Researchers have discovered that monilethrix is an autosomal dominant disorder, which indicates that a child can inherit it if one of his or her parents carries a mutated copy of a particular gene. The gene involved normally creates proteins called keratins that give hair its strength and shine. Damaged genes are unable to produce functional hair keratins, and the result is fragile hairs and patchy growth areas on the scalp.
Monilethrix is most commonly isolated to the back of the scalp and the nape of the neck, though it can sometimes affect the entire scalp. A very small number of patients experience unusual hairs in their eyebrows, pubic regions, or underarms as well. Monilethrix gives hair a dull, frazzled appearance and makes it very susceptible to breakage with even minor trauma, such as running a comb through it. It is common for sufferers to also develop a condition called keratosis pilaris, which causes small bumps to appear at the base of hair follicles that may be coated with a crusty residue. Alopecia, or patchy balding, may occur and resolve spontaneously throughout a person's life.
A doctor can usually diagnose monilethrix in an infant or young child through a simple physical exam.

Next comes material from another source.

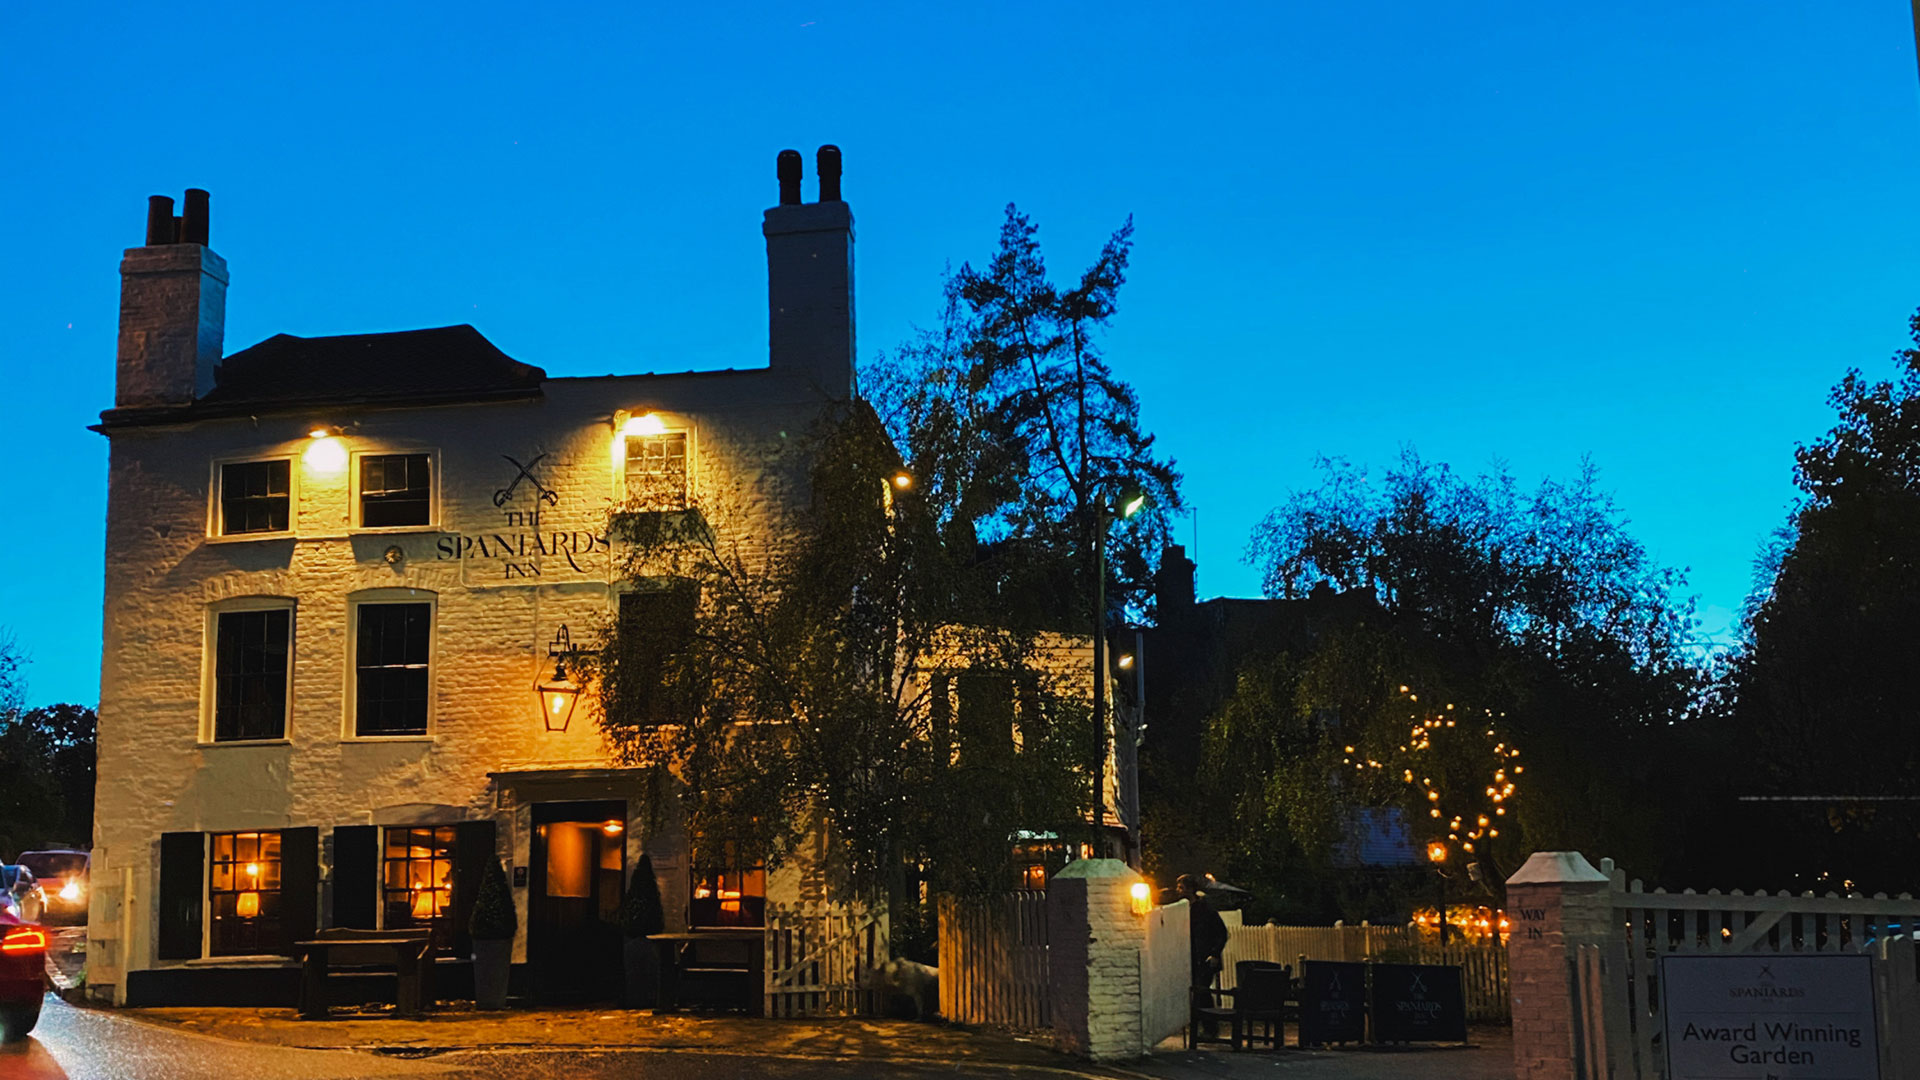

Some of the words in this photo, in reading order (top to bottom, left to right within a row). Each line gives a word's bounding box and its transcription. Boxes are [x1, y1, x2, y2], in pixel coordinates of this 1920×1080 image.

A scalp tissue sample may be collected and observed under a microscope to confirm the condition and rule out other potential causes of hair abnormalities. After making a diagnosis, the doctor can explain the details of monilethrix and provide helpful information about managing the disorder.
Several different medications and remedies have been tried to treat monilethrix in the past, though none have been proven effective. Most patients are advised to protect their hair from harmful environmental factors such as direct sun exposure and high winds. Hair dyes, bleaches, and chemicals used in permanent treatments can also damage brittle hairs and should generally be avoided. If balding is a concern, a person may want to invest in a wig or hairpiece. Individuals who take the proper precautions can usually preserve most of their existing hair.